Release Date Aug 25, 2007
Publisher IVP-InterVarsity Press
ISBN 0830827625 ISBN13 9780830827626
Reviews - What do customers think about The Blessing of Africa: The Bible and African Christianity?
OUR ROOTS Apr 21, 2008
The Revolutionary Black National Freedom Fighter Minister Malcolm X once said, "All of our studies, history is best qualify to reward all our research."While we party and ignore our rich heritage, Dr Keith Burton harvested the historical, Biblical, and geographical development of the great contributions of the African people in the historical development of the Abrahamic monotheism. As we have move from the stage of oral tradition of which our ancestors narrated our history, a new breed of African scholars have ressurected to write our "oral" history for us to know.Dr Keith Burton is one of those rare Afrocentric Biblical scolars who have been blessed to feed us our heritage in the time of ignorance. I recomend that every Biblical student Black,White and others study this book to know the development and contribution of the 3 great montheistic faith in ALKEBULAN( AFRICA).The only problem I saw in this book when he mentioned the French in Sierra Leone instead of the British on page 19.I extend my blessings to you Dr Burton you are a true Griot.The harvest is ripe but the harvester are few and you are among the few.
Chaplain CPT Emmanuel G. Woods, II United States Army.
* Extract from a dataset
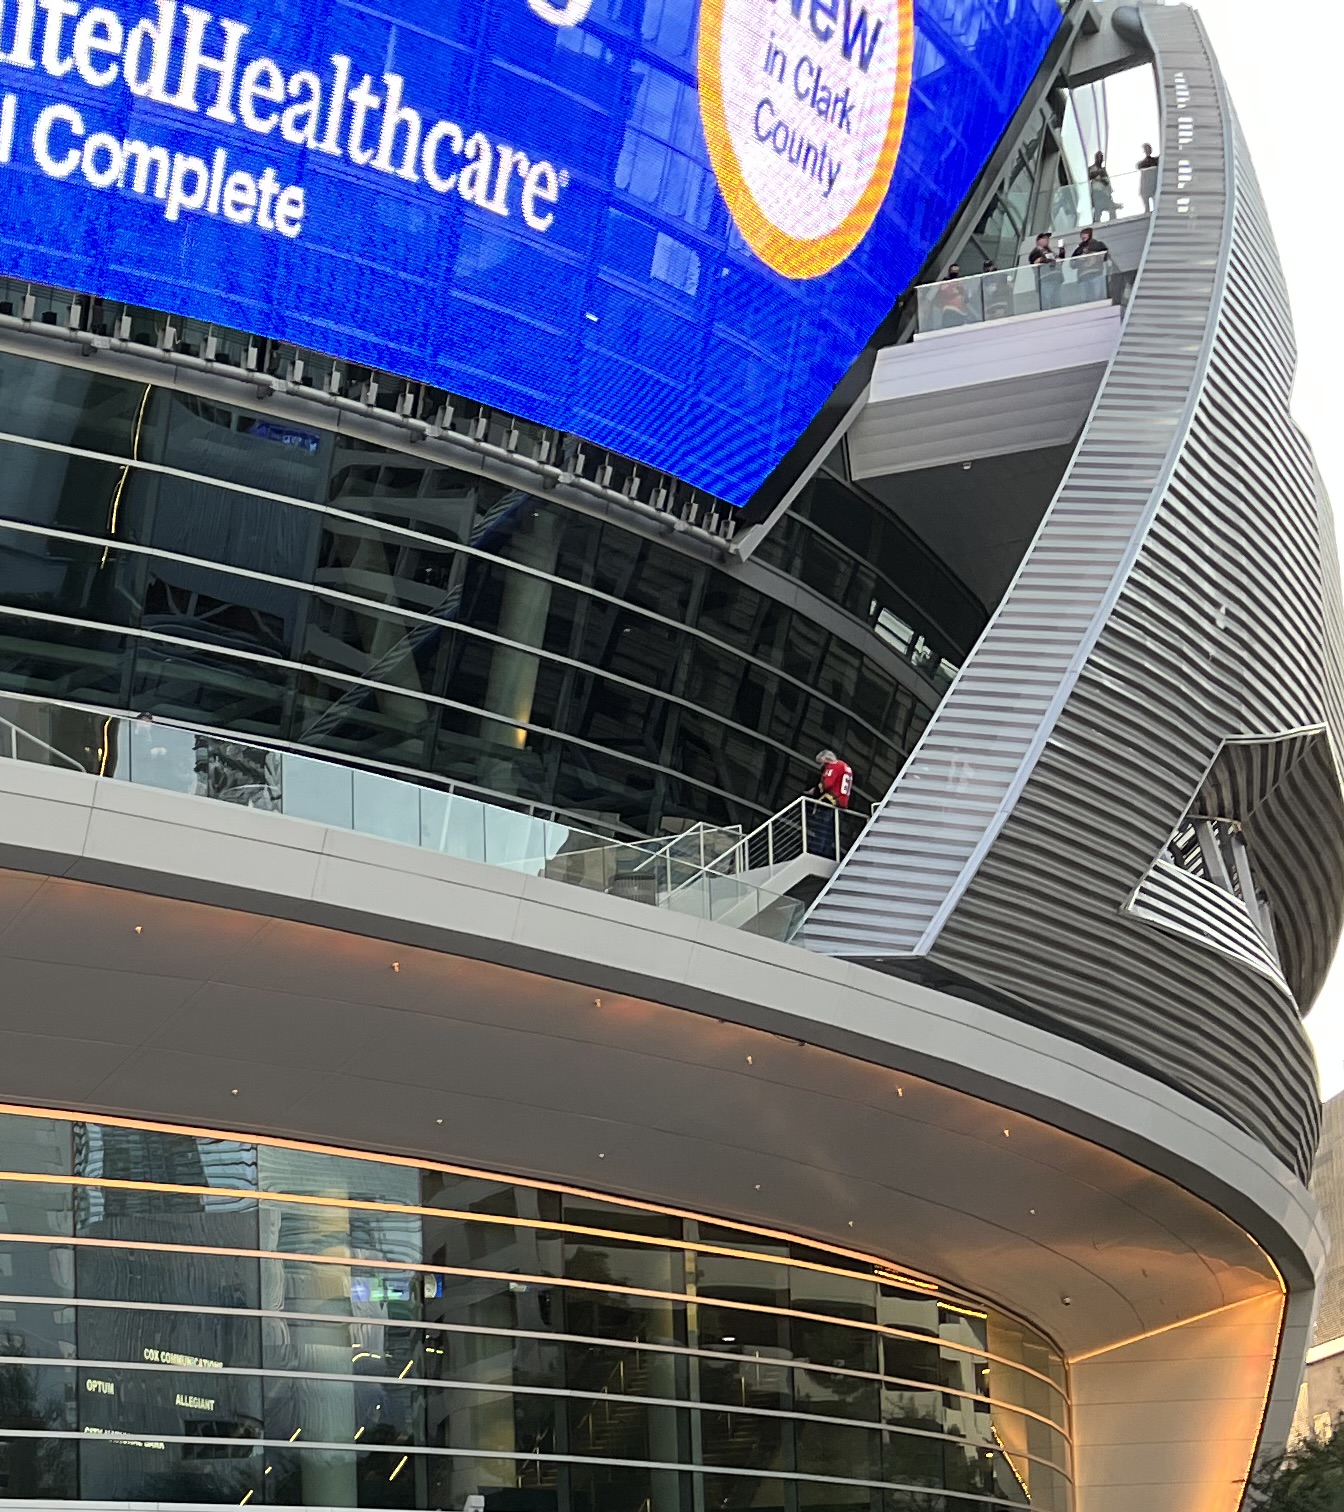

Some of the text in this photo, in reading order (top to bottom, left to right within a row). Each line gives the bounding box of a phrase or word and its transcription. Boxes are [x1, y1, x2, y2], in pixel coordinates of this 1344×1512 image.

Setting the Record Straight Mar 24, 2008
Burton is clear on his intention from the start, and sticks very closely to his plan. His primary purpose is to show that Africa and Africans have always been a part of God's divine plan. He forces us to look differently at the biblical world as we are exposed to the obvious: the biblical "Land of Ham" includes both the modern continent of Africa and the Middle East. Having established his basis from a straight forward reading of Genesis 10, Burton introduces us to the territory and characters of "biblical Africa." His conclusion that the majority of the Bible is set in "biblical Africa" only makes sense. It's so basic, I wonder why so many have missed it! It was also refreshing to take a fresh look at names of Hamitic personalities who are not usually considered "African" like King Nebuchadnezaar, Rahab, Uriah, and Melchizedek.
While the first two parts of the book serve as a ready reference (almost an encyclopedia) to the land and people of biblical Africa, the final four sections are devoted to a whirlwind tour of church history from an African perspective. While it is common knowledge that many of the theologians of the early church hailed from Africa, few church history books take the time to discuss Arabian Christianity and the influence of Christianity on Islam. The perspective The Blessing of Africa brings to the current crisis in the Middle East is absolutely priceless. Tony Blair and Condeleeza Rice need to read this!
The book ends with a serious look at the current role the Bible plays in African Christianity. This is a landmark study that is set to do for studies in Christianity what Martin Bernal's Black Athena did for classical studies. Those used to traditional readings will have a hard time accepting some things, but I'm glad that someone is willing to "set the record straight"!
Dont Judge a Book By Its Cover Oct 8, 2007
As a student of the development of the African church, I was really excited when I picked this book up. It looked great, the chapter titles seemed interesting, and the subject matter looked right up my alley. I was gravely dissappointed. The word "racist", though probably appropriate, was overused (thesaurus please). And the first chapters basically boiled down to a retelling of the stories of the OT with various opinions thrown in as statements of fact. I appreciate what this author was TRYING to do, but he really misses a great oppurtunity to educate the public (and students) on a subject that has been , and is, gravely overlooked.